Gefälschte Dokumente zur Verschleierung

Die Ermittlungen ergaben außerdem, dass der Festgenommene gefälschte Genehmigungen verwendet haben soll. Diese Dokumente trugen den Stempel des Sicherheitsunternehmens, für das er arbeitete. Ziel war es offenbar, die tatsächliche Herkunft des gestohlenen Materials zu verschleiern und den Verkauf an Altmetallhändler zu erleichtern.

Schutz kritischer Infrastruktur

Die begangenen Straftaten betrafen Einrichtungen der Stromversorgung, die als kritische Infrastruktur gelten. Nach Angaben der Guardia Civil könnten derartige Handlungen im Falle von Störungen der Stromversorgung eine erhebliche gesellschaftliche Beunruhigung auslösen.

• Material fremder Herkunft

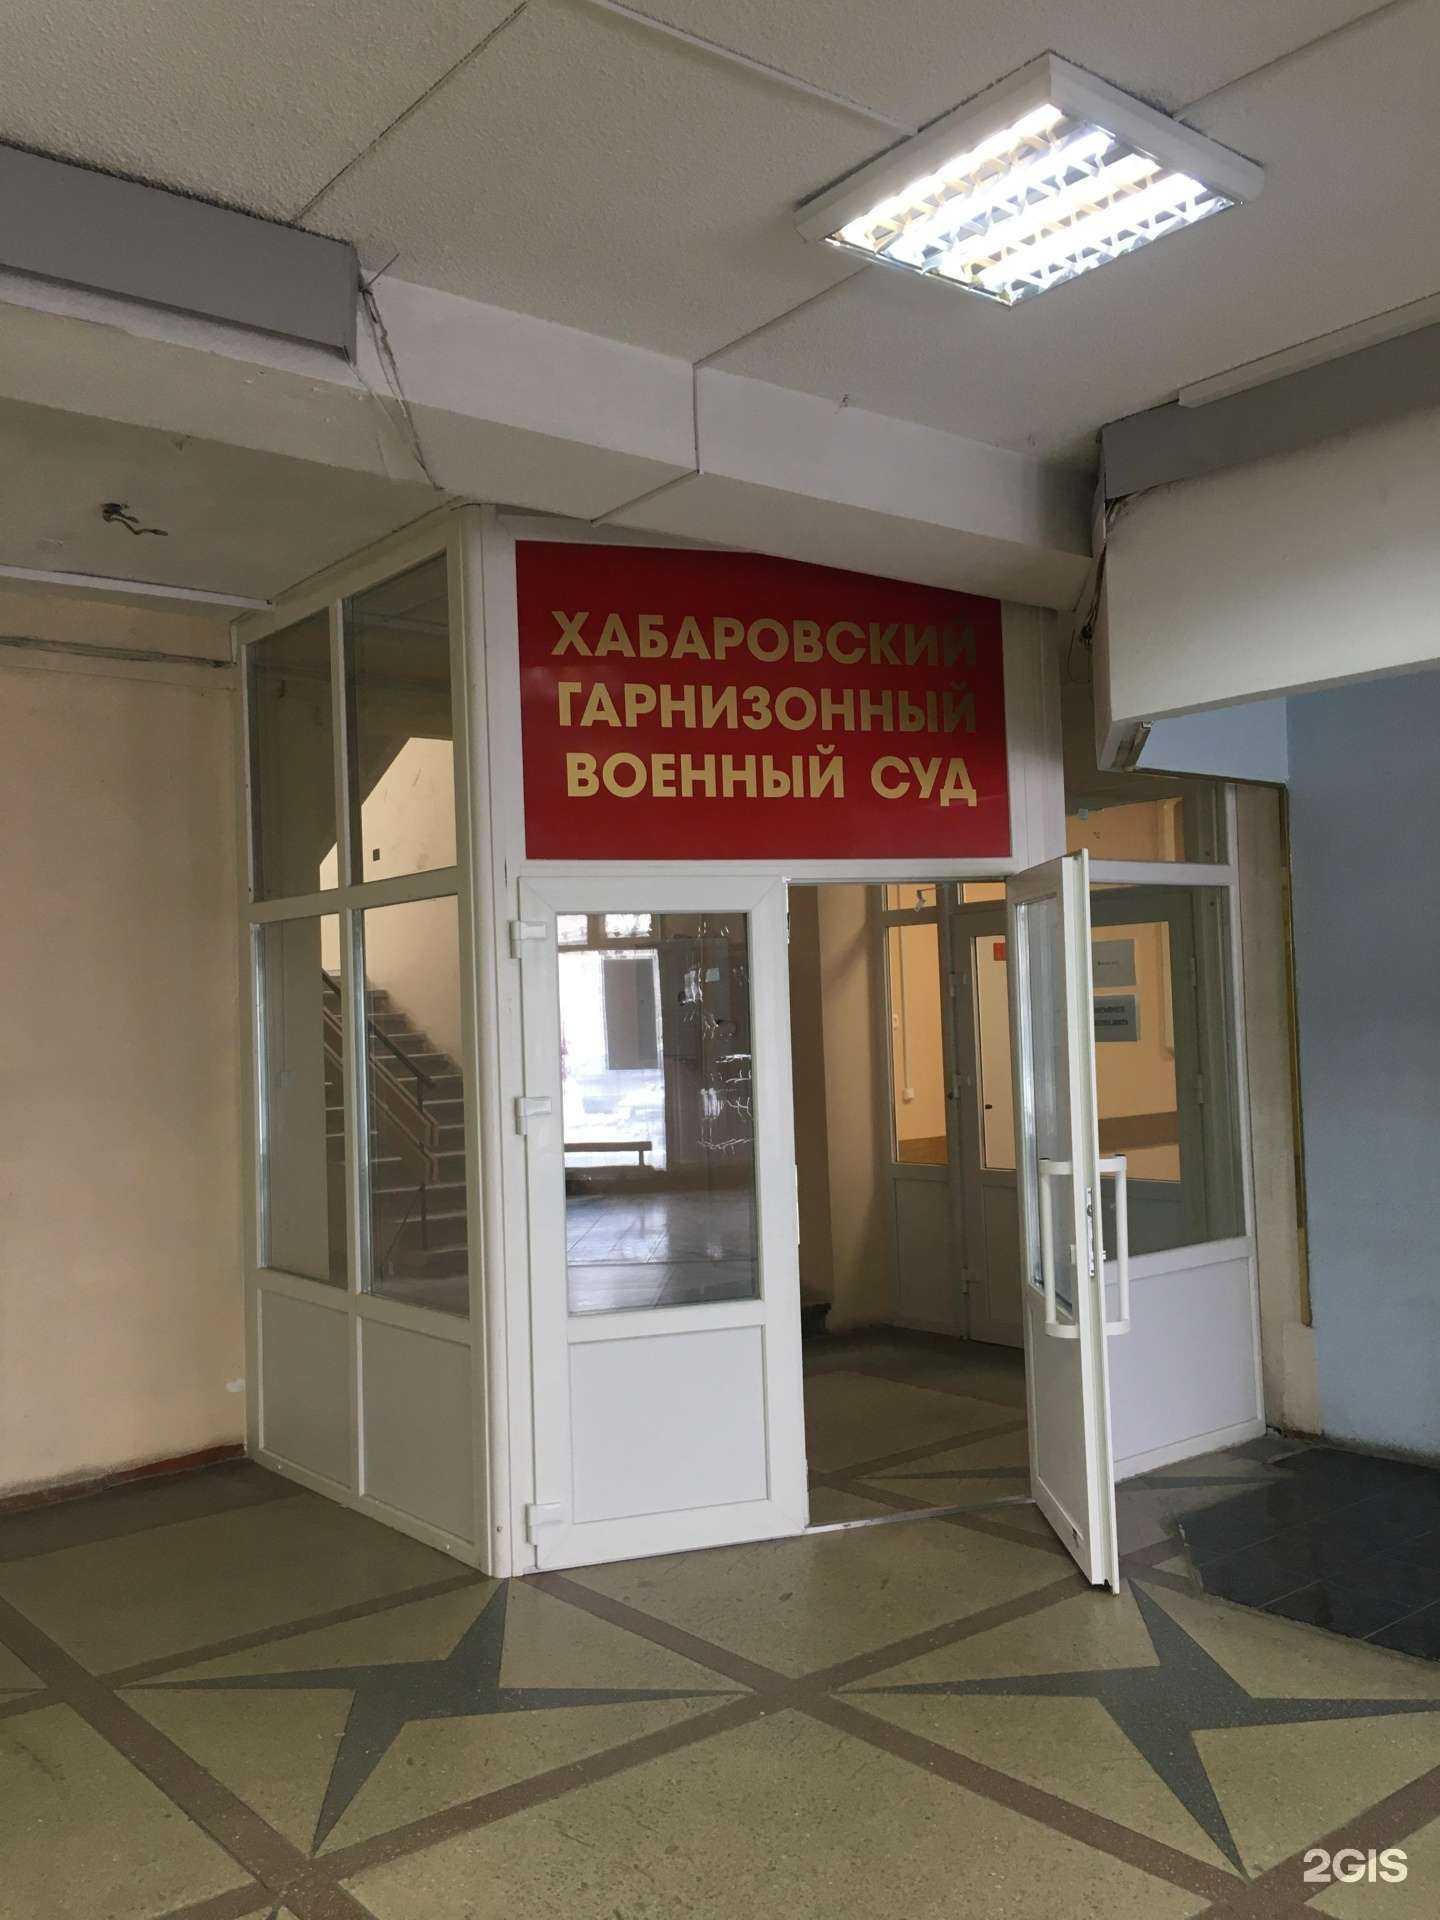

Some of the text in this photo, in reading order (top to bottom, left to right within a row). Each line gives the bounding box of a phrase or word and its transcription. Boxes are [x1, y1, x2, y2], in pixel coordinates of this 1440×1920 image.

Durch das Eingreifen der Guardia Civil konnten nach eigenen Angaben schwerwiegendere Folgen verhindert werden. Gleichzeitig betonen die Sicherheitskräfte ihr Engagement für den Schutz öffentlichen Eigentums und die Sicherheit strategischer Infrastrukturen, zu denen auch Anlagen der Stromversorgung auf Fuerteventura gehören.